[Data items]
━━━━━━━━
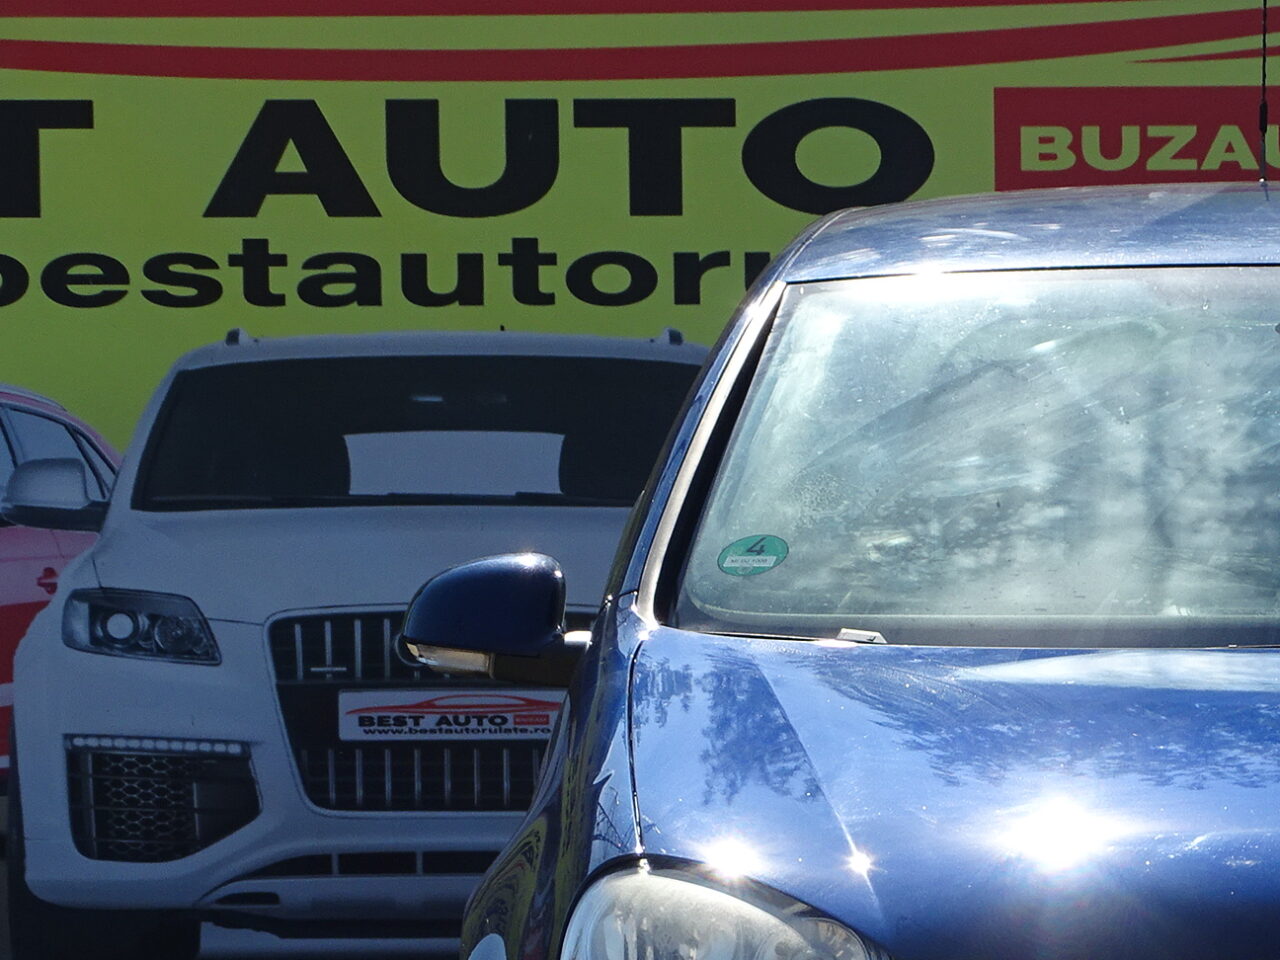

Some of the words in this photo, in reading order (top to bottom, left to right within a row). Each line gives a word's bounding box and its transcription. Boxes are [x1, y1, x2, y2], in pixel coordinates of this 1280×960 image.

[202, 97, 934, 218] AUTO
[746, 536, 767, 555] 4
[357, 714, 425, 727] BEST
[435, 714, 509, 727] AUTO
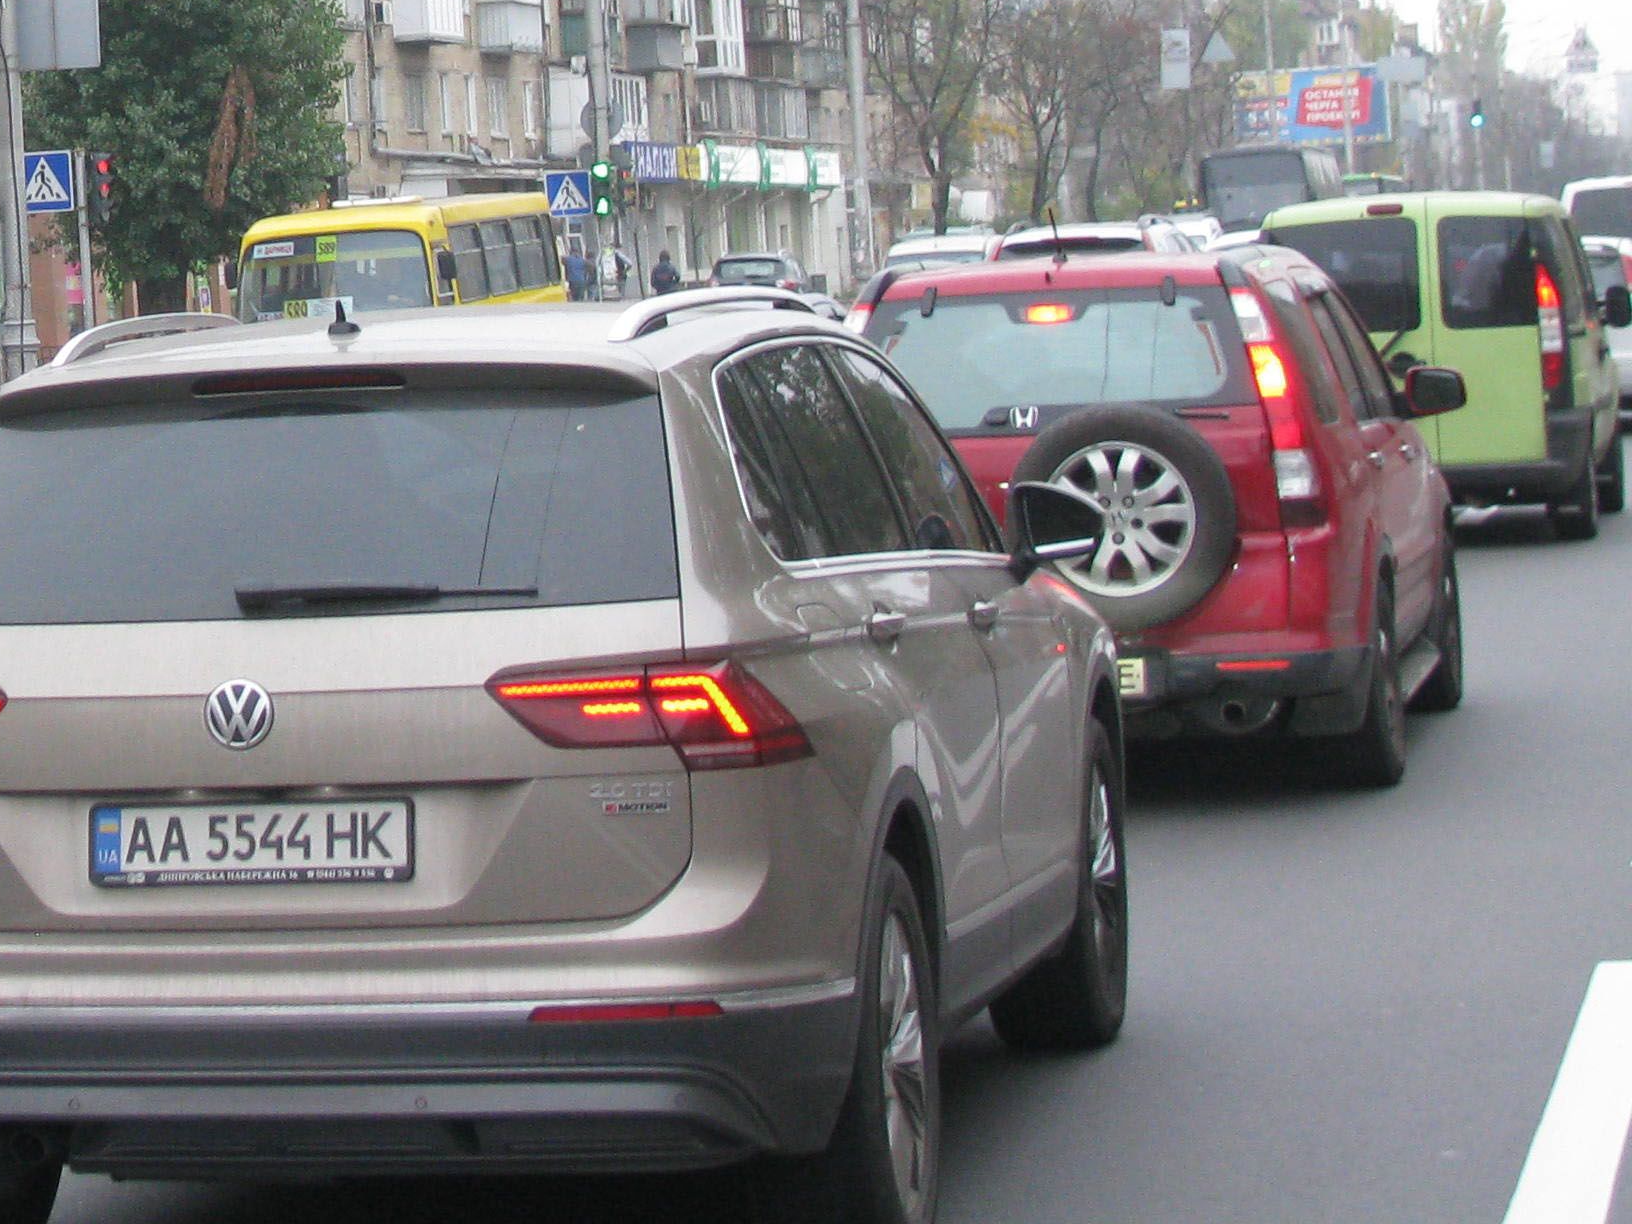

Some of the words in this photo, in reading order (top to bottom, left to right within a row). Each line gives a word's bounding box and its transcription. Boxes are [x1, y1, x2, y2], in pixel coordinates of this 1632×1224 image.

[99, 848, 118, 864] UA
[125, 816, 190, 863] AA
[206, 813, 312, 862] 5544
[326, 811, 392, 860] HK
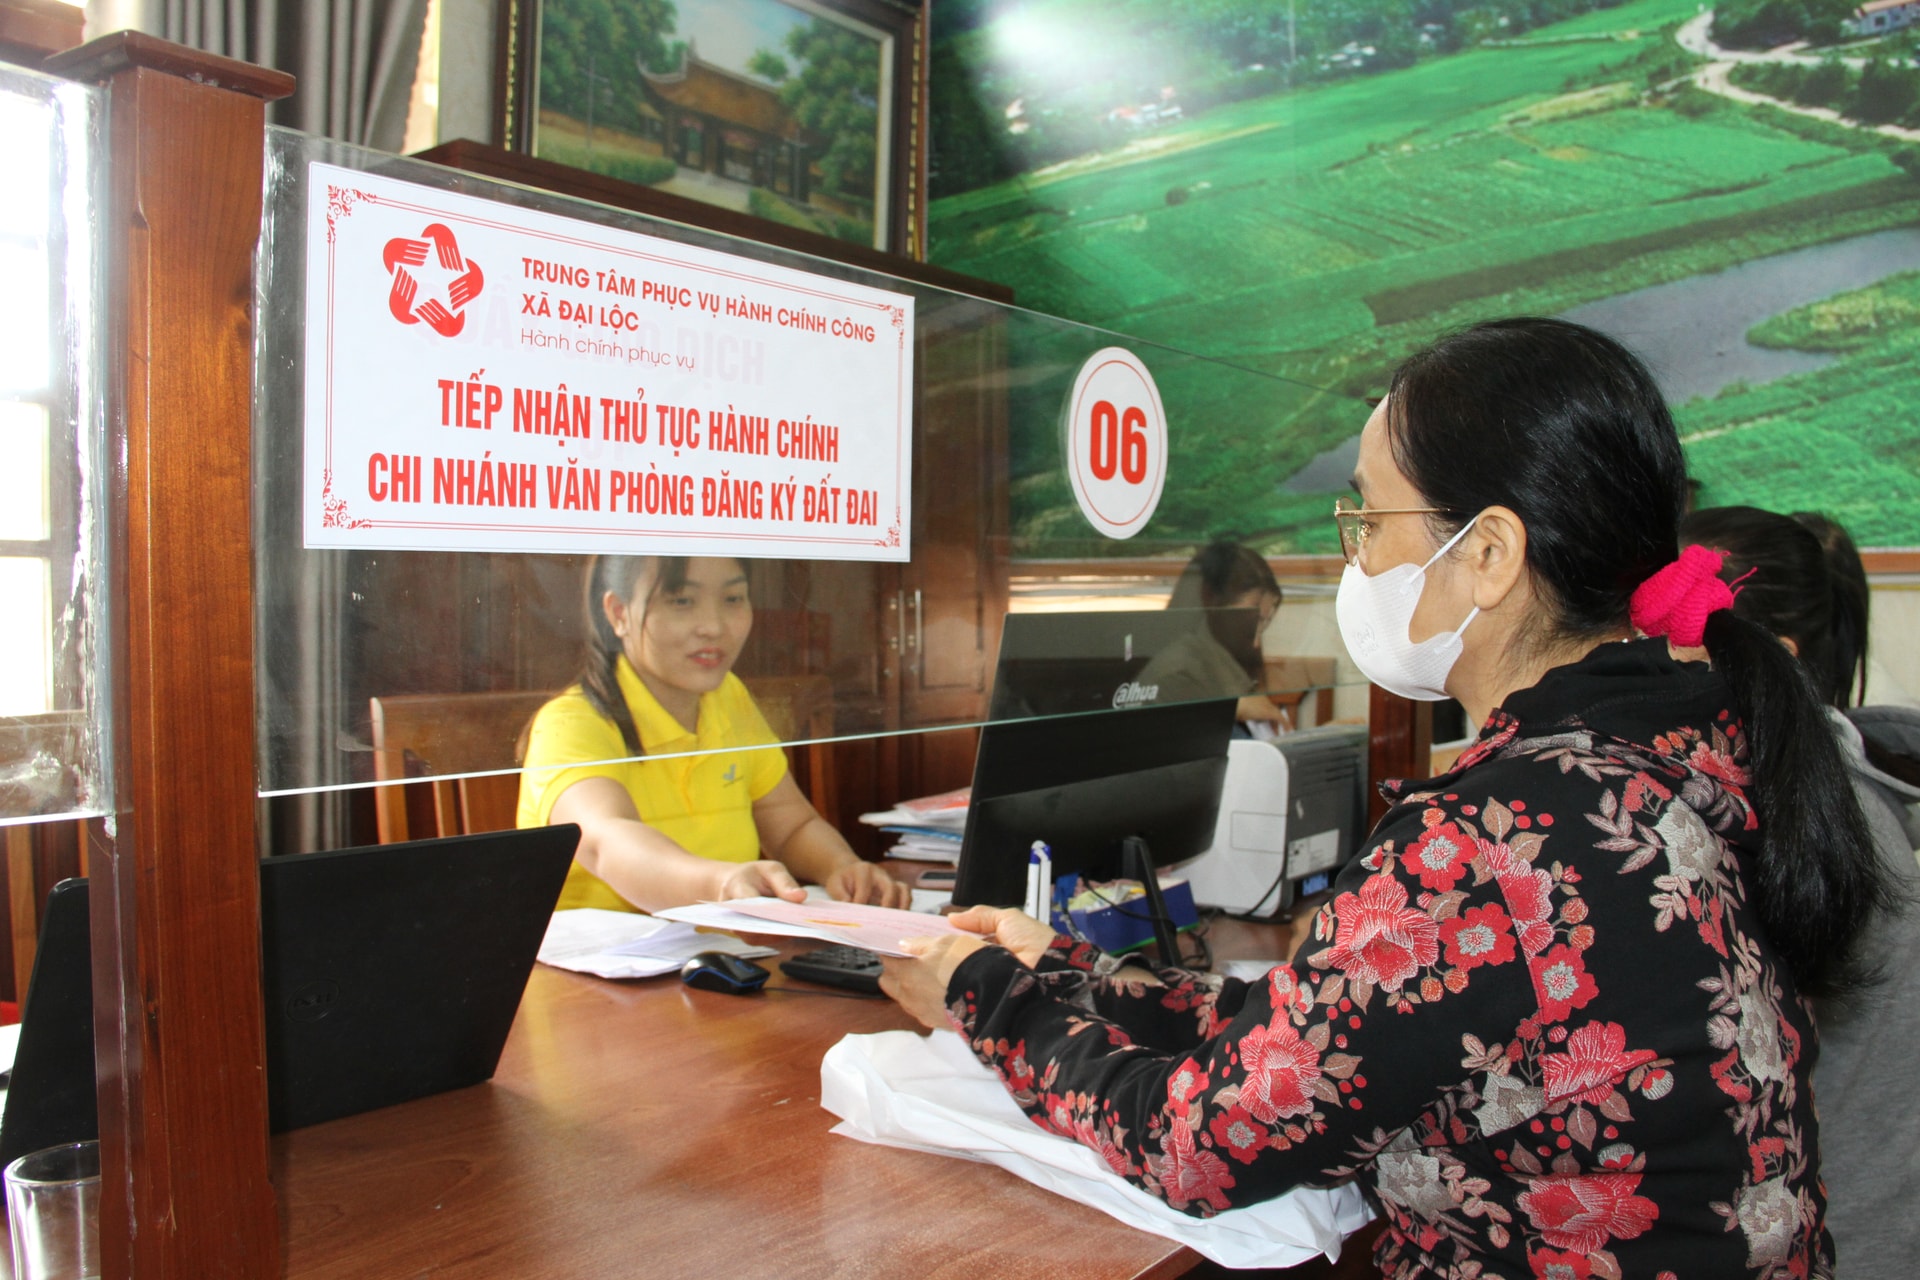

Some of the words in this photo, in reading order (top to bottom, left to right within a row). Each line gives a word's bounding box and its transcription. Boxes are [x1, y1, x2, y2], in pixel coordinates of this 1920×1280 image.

[521, 291, 551, 318] XÃ
[558, 299, 593, 329] ĐẠI
[600, 303, 639, 335] LỘC
[522, 257, 590, 289] TRUNG
[596, 268, 636, 298] TÂM
[642, 280, 692, 311] PHỤC
[697, 291, 720, 318] VỤ
[726, 294, 772, 323] HÀNH
[777, 307, 827, 334] CHÍNH
[831, 316, 876, 343] CÔNG
[521, 327, 570, 351] Hành
[575, 338, 624, 358] chính
[628, 346, 671, 367] phục
[676, 355, 695, 372] vụ
[438, 368, 503, 430] TIẾP
[513, 383, 591, 447] NHẬN
[600, 387, 648, 445] THỦ
[656, 404, 701, 457] TỤC
[708, 404, 769, 456] HÀNH
[777, 415, 839, 463] CHÍNH
[1090, 400, 1147, 485] 06
[368, 452, 421, 503] CHI
[433, 451, 537, 508] NHÁNH
[547, 457, 600, 512] VĂN
[610, 462, 694, 516] PHÒNG
[702, 469, 763, 520] ĐĂNG
[771, 475, 797, 521] KÝ
[803, 473, 841, 524] ĐẤT
[847, 488, 878, 526] ĐAI
━━━━━━━━
* Task details: Output, exactly and without pictures, the span of lines that starts at the line containing "this 1632×1224 image." and ends at the last line above.

* Task answer:
Some of the words in this photo, in reading order (top to bottom, left to right within a row). Each line gives a word's bounding box and its transcription. Boxes are [x1, y1, x2, y2], in pixel coordinates of this 1632×1224 image.

[99, 848, 118, 864] UA
[125, 816, 190, 863] AA
[206, 813, 312, 862] 5544
[326, 811, 392, 860] HK

Some of the words in this photo, in reading order (top to bottom, left to right within a row). Each line gives a word's bounding box and its transcription. Boxes are [x1, y1, x2, y2], in pixel coordinates of this 1920×1280 image.

[521, 291, 551, 318] XÃ
[558, 299, 593, 329] ĐẠI
[600, 303, 639, 335] LỘC
[522, 257, 590, 289] TRUNG
[596, 268, 636, 298] TÂM
[642, 280, 692, 311] PHỤC
[697, 291, 720, 318] VỤ
[726, 294, 772, 323] HÀNH
[777, 307, 827, 334] CHÍNH
[831, 316, 876, 343] CÔNG
[521, 327, 570, 351] Hành
[575, 338, 624, 358] chính
[628, 346, 671, 367] phục
[676, 355, 695, 372] vụ
[438, 368, 503, 430] TIẾP
[513, 383, 591, 447] NHẬN
[600, 387, 648, 445] THỦ
[656, 404, 701, 457] TỤC
[708, 404, 769, 456] HÀNH
[777, 415, 839, 463] CHÍNH
[1090, 400, 1147, 485] 06
[368, 452, 421, 503] CHI
[433, 451, 537, 508] NHÁNH
[547, 457, 600, 512] VĂN
[610, 462, 694, 516] PHÒNG
[702, 469, 763, 520] ĐĂNG
[771, 475, 797, 521] KÝ
[803, 473, 841, 524] ĐẤT
[847, 488, 878, 526] ĐAI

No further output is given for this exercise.